En la Vila había
dos maneras de tener un hijo, hacerlo de forma natural o a través de las frutas
y hortalizas. Así fue como Irene, finalmente, dio a luz a su retoño.
Irene se casó
con Jordi cuando apenas tenía diecinueve años, y antes de cumplir los veintiuno ya
era la comidilla del pueblo por ser demasiado estrafalaria y no haberse quedado
embarazada después de tanto tiempo.
A Irene le
gustaba la medicina natural, la botánica, la astrología y practicaba unas
posturas raras que aprendió en un libro de la India.
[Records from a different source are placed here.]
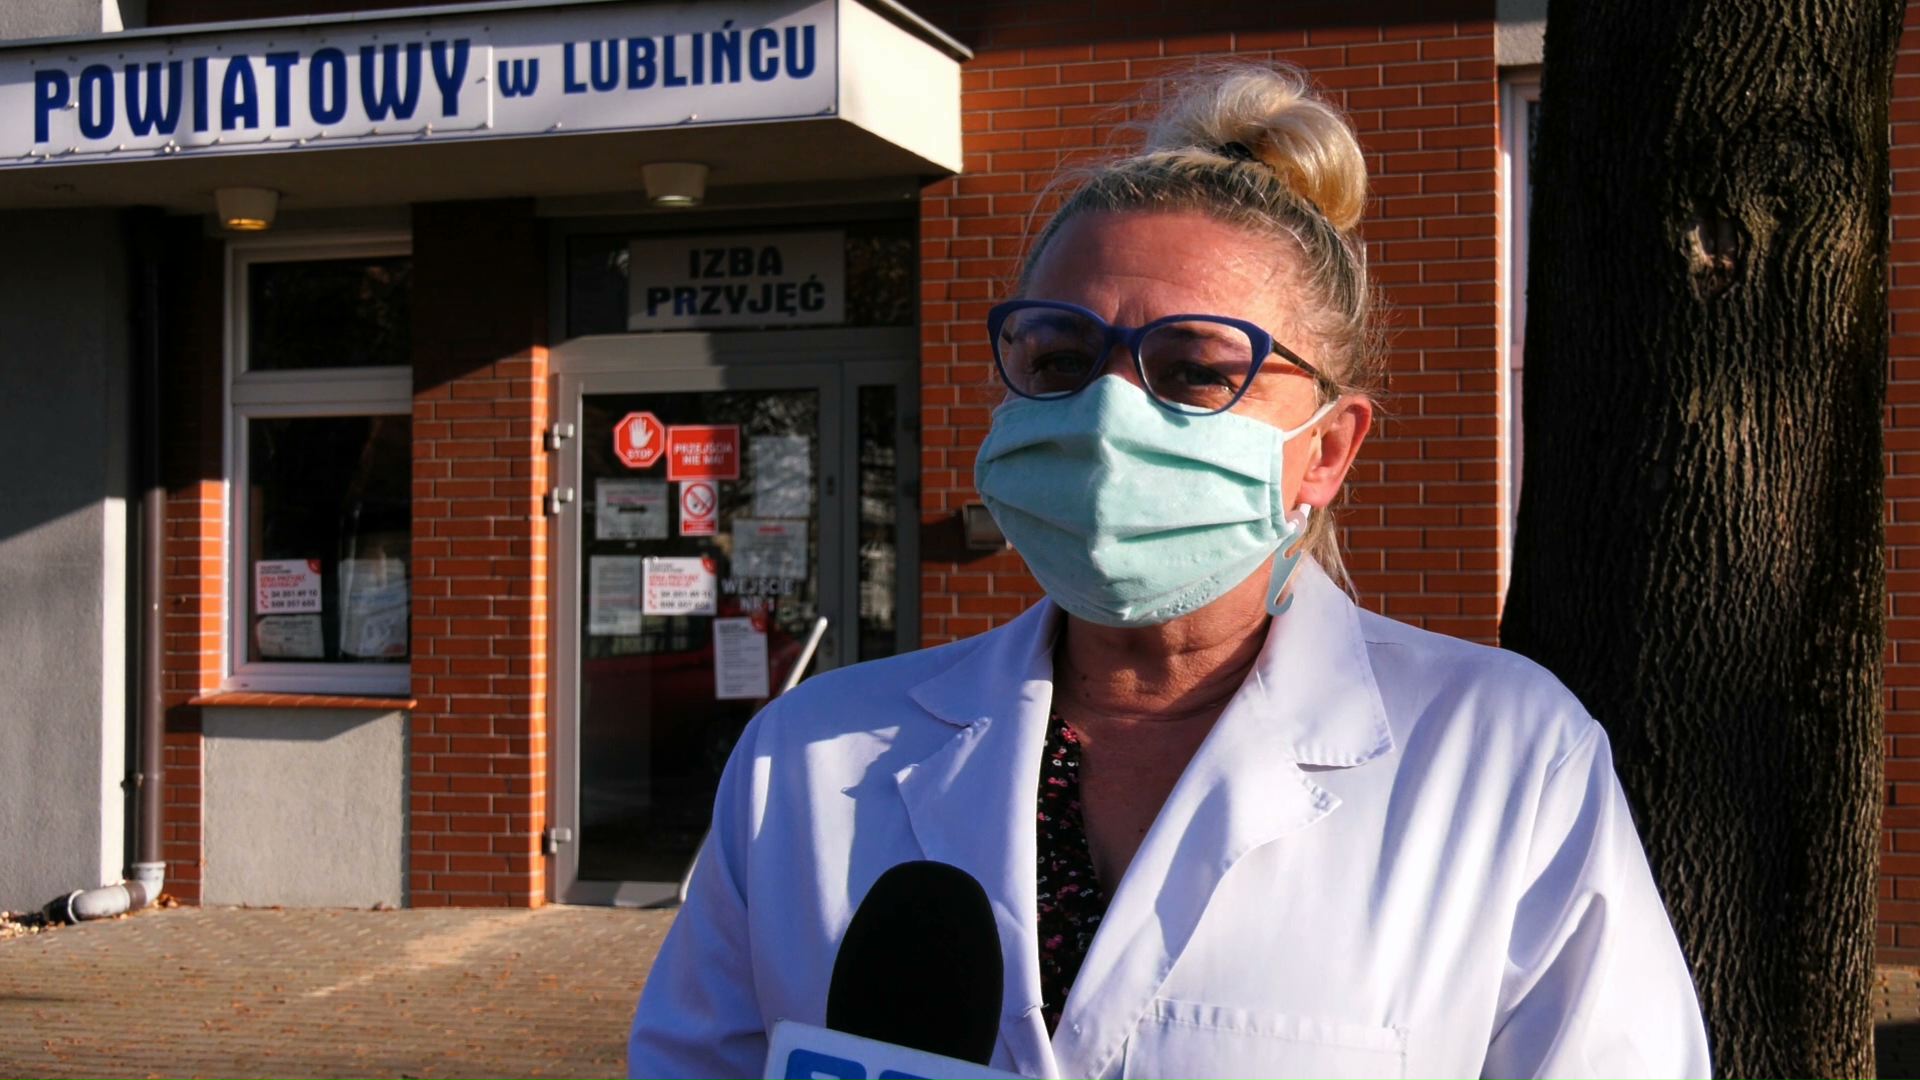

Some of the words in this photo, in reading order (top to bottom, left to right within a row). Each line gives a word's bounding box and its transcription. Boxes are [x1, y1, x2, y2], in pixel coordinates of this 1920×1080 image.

[34, 38, 471, 143] POWIATOWY
[562, 19, 816, 95] LUBLIŃCU
[688, 246, 783, 279] IZBA
[646, 273, 826, 317] PRZYJĘĆ
[626, 449, 653, 459] STOP
[682, 455, 701, 465] NIE
Era una joven tímida,
introvertida, demasiado mística para las mujeres de la Vila, que entre friega y friega, entre la espuma y el chismorreo de los lavaderos comentaban que su tía había sido bruja.
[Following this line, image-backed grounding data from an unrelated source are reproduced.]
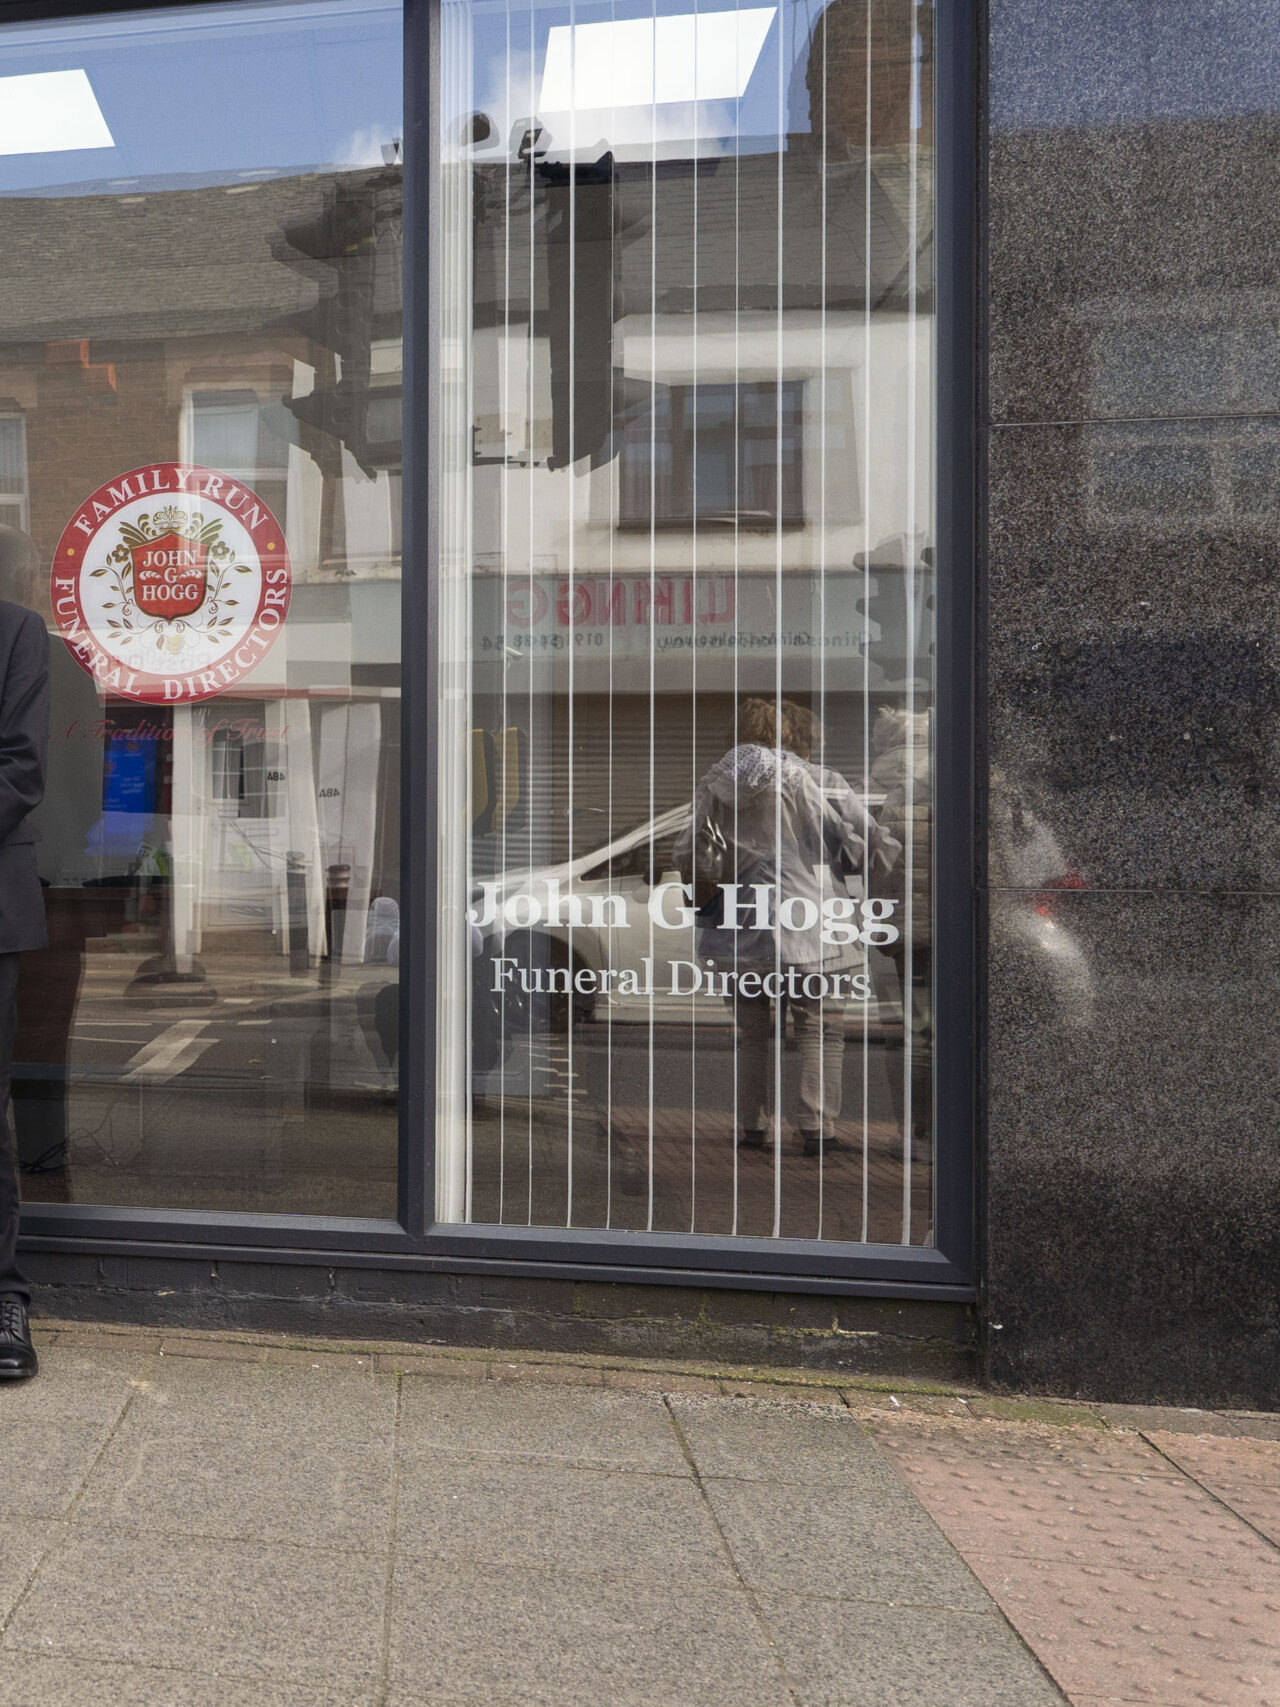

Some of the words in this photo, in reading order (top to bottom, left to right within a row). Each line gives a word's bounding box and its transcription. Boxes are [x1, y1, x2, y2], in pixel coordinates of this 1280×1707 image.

[73, 468, 194, 537] FAMILY
[203, 473, 269, 531] RUN
[142, 550, 198, 567] JOHN
[164, 567, 179, 583] G
[142, 583, 199, 602] HOGG
[55, 576, 141, 697] FUNERAL
[163, 568, 288, 700] DIRECTORS
[83, 719, 190, 741] Tradition
[193, 717, 228, 747] of
[226, 718, 291, 740] Trust
[465, 878, 631, 928] John
[648, 882, 701, 930] G
[716, 883, 900, 946] Hogg
[490, 957, 656, 996] Funeral
[666, 959, 871, 1001] Directors
A Irene aquellos cotilleos le traían sin cuidado, pero sufría al ver a los chiquillos corretear
alrededor del abrevadero, cazando renacuajos con las manos, encarcelándolos en sus cubos y llenando de carcajadas la colada mientras ella, a
pesar de tantísimas afán por quedarse preñada, no era capaz de tener un bebé al que arrullar de noche con sus brazos de
hiedra.
Su madre, la
señora Aurora, la animaba a no perder la esperanza y le decía que todo era
normal, que el primer hijo no llegaba a primeras, que algunas hembras tardaban
más que otras, pues la naturaleza, que es muy lista, da a cada cual su fruto a
su debido tiempo. Al principio Irene se consolaba pensando que la propia
obsesión se lo impedía, pero al tercer año sus amigas, casadas muchísimo más
tarde, empezaron a darse la enhorabuena y a tejer peucos y mantitas, mientras Irene, sentada en la mecedora
del salón, sentía que su huerto se ajaba por dentro.
La cosa empeoró después
del quinto año. Perdió las ganas de hablar con las vecinas, deshizo los baberos, gorros, bufanditas, el ajuar que había tejido durante largas noches y empezó a acusar a su marido
de no hacerle el amor como debía.
—No le pones pasión
y eso el cuerpo lo nota, se resiente a absorberte, a empaparse de tu nieve fundida.
—¿Y qué quieres
qué haga? Yo no puedo con esto, Irene, por favor. Me haces sentir un macho.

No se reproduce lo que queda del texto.